In an unusually expansive discussion with journalists, he later added that he doesn't ever worry about his own position: "I don't have time to think about that ... fear doesn't get you much in life."

Fast-forward six weeks to the much harder decision to part ways with head coach Jacques Martin – their friendship and collaboration stretches across two decades and three NHL organizations – and there was no mention of Gauthier's future.

Visibly pained at firing Martin, he was also somewhat less prompt to put his hand up for his role in crafting what is currently a mediocre hockey team.

"We are all responsible," is what he eventually answered on Saturday after a string of insistent questions from La Presse columnist François Gagnon.

Maybe that tack is part of a strategy to jam the goat horns on the players – new coach Randy Cunneyworth also put the onus squarely on the team – but it can also be interpreted another way.

The Canadiens, 18 months removed from a conference final appearance, are in rough shape.

And if Martin is the guy who paid the immediate price, the next five or six weeks could quickly become a referendum on the choices, personnel and otherwise, his boss made as well.

They are reflecting beyond the Bell Centre's mirror-like ice surface.

The Habs' early season viewership numbers revealed a 14-per-cent decline, there are tickets available on many game days (unheard of for most of the past half-decade).

The general level of enthusiasm both at the Bell Centre, where the team is a pitiful 5-7-6, and in the hockey hot-spots around town is several notches below fever pitch.

"It's almost like its hurts too much to see us lose, so they'd rather not watch it happen," is how one Habs player summed it up privately.

The paying public will tolerate stifling, defence-first hockey of the sort Martin and Cunneyworth, his former assistant, preach.

But the team better win.

By choosing to replace Martin with Cunneyworth, whose head coaching experience is in the minors, the GM is doubling down: same message, new messenger.

The personable Cunneyworth has been given a difficult mandate – like five of the six other replacements appointed this year, he lost his first game, 5-3 at home to New Jersey.

Beyond the fact he is the first Habs coach since Al McNeil in 1971 to not be able to make even rudimentary post-game remarks in French – yes, that still matters – that Cunneyworth has an 'interim' tag indicates Gauthier wants to keep his options open.

The other possibility is majority owner Geoff Molson signed off on firing Martin, who has 18 months left on his contract, but stopped short of letting his GM hand a two- or three-year pact to a replacement – he may not be around to see it through.

There's also speculation Cunneyworth is a test-case for whether fans will accept an Anglo coach if a more decorated one were to become available next summer.

Perhaps, but the speculation on who will replace Cunneyworth – that's right, it started the day he was appointed – centres on former Habs goalie Patrick Roy, currently the coach, GM and part-owner of the powerhouse Quebec Remparts.

But conventional wisdom holds Roy would probably demand total control of the hockey department.

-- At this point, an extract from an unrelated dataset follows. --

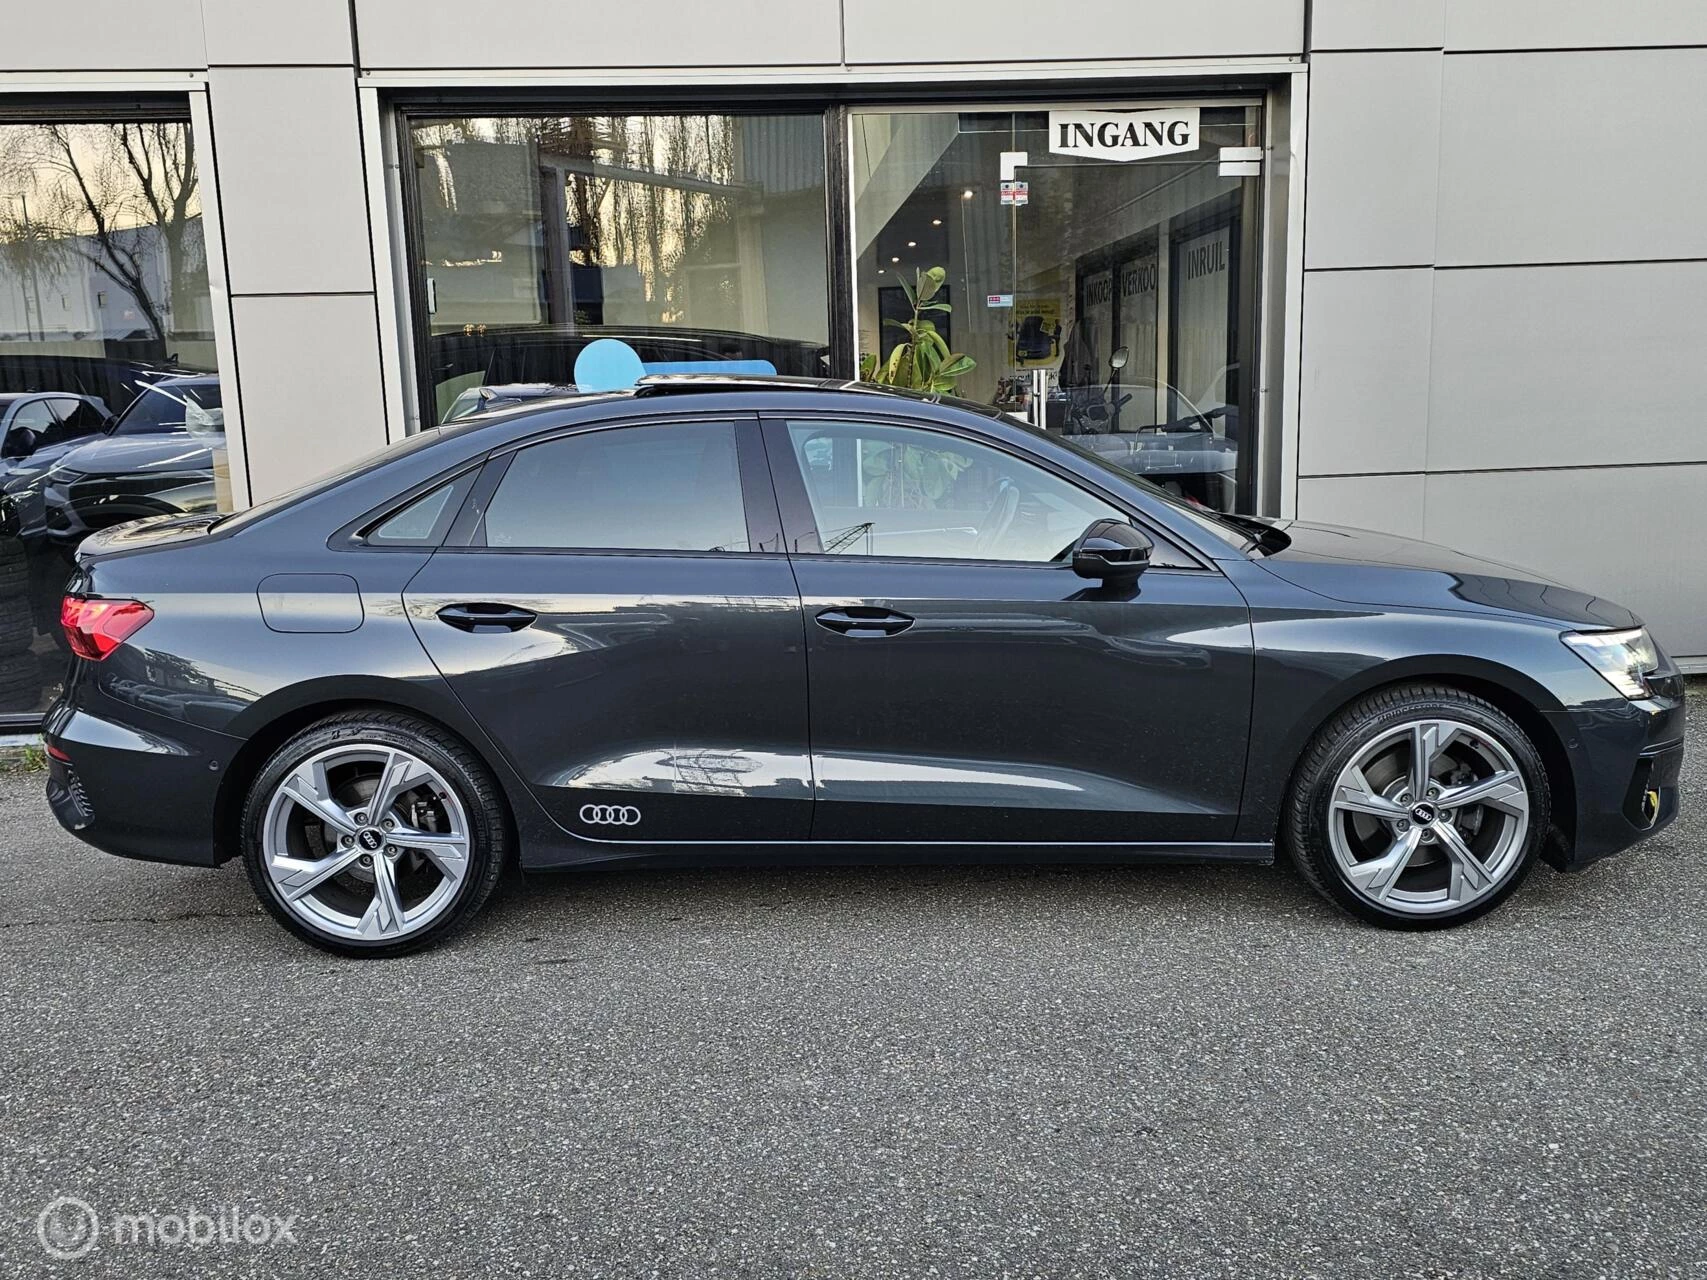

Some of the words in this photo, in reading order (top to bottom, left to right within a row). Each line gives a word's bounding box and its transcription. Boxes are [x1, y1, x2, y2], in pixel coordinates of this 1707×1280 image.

[1058, 121, 1191, 148] INGANG
[1188, 241, 1225, 280] INRUIL
[1122, 264, 1156, 297] VERKOO

Gauthier tried to shake things up by firing Pearn – which can now be interpreted as a shot across Martin's bow – then he made a bold trade to pick up Tomas Kaberle (and his hefty contract) from Carolina. Now he's fired the head coach.

It may work, Cunneyworth could reveal himself to be the next Bruce Boudreau, but if the Habs don't come back from a six-game Yuletide road trip with a bunch of points, the pressure will intensify.

And if they're still out of the playoff picture by the trade deadline?

Given the financial implications of missing the postseason, it's not outside the realm of possibility that an 'interim' tag might be needed in the Habs front office at some point.